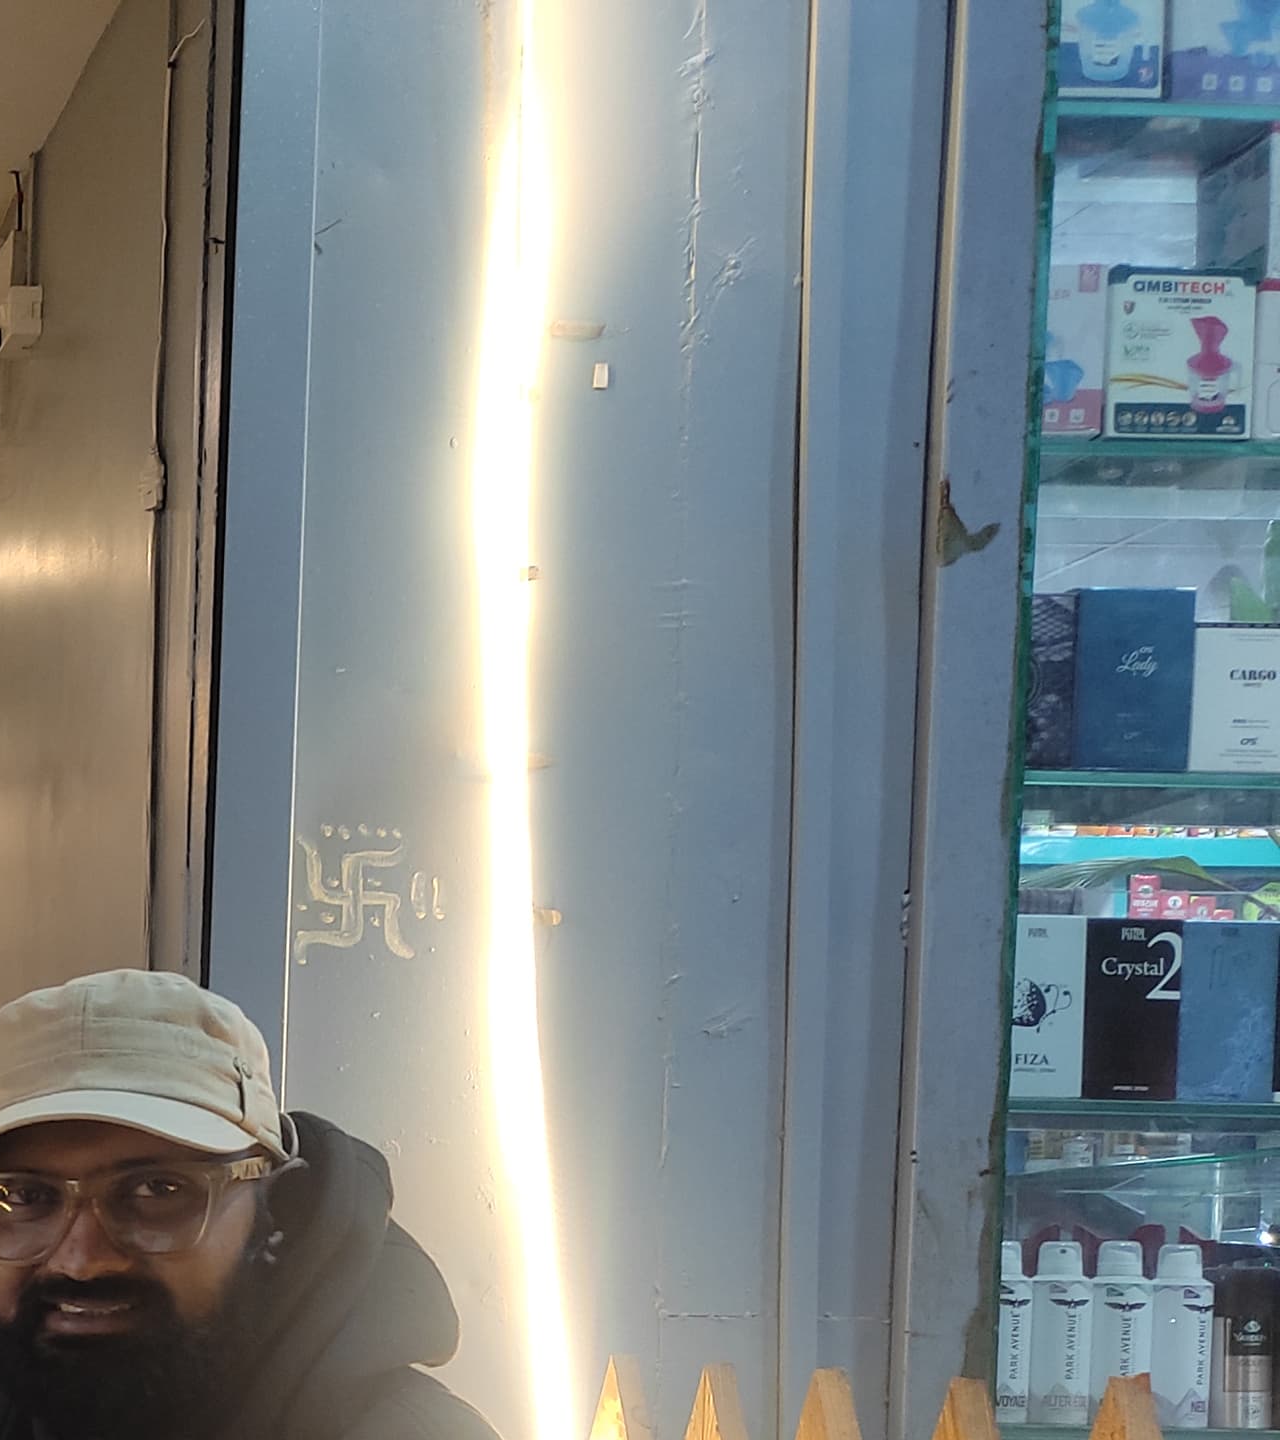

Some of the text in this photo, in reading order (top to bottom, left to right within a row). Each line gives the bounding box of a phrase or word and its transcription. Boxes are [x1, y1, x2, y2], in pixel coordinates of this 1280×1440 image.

[1229, 669, 1277, 681] CARGO
[1101, 956, 1165, 981] Crystal
[1145, 931, 1183, 1000] 2
[1014, 1053, 1049, 1065] FIZA
[1009, 1312, 1021, 1380] PARK AVENUE
[1065, 1313, 1077, 1380] PARK AVENUE
[1119, 1316, 1132, 1377] ARK AVENUE
[1196, 1319, 1207, 1386] PARK AVENUE

▶ [What to produce]
Every entry above is to be copied verbatim, with the pictures removed.

▶ [Written response]
Some of the text in this photo, in reading order (top to bottom, left to right within a row). Each line gives the bounding box of a phrase or word and its transcription. Boxes are [x1, y1, x2, y2], in pixel coordinates of this 1280×1440 image.

[1229, 669, 1277, 681] CARGO
[1101, 956, 1165, 981] Crystal
[1145, 931, 1183, 1000] 2
[1014, 1053, 1049, 1065] FIZA
[1009, 1312, 1021, 1380] PARK AVENUE
[1065, 1313, 1077, 1380] PARK AVENUE
[1119, 1316, 1132, 1377] ARK AVENUE
[1196, 1319, 1207, 1386] PARK AVENUE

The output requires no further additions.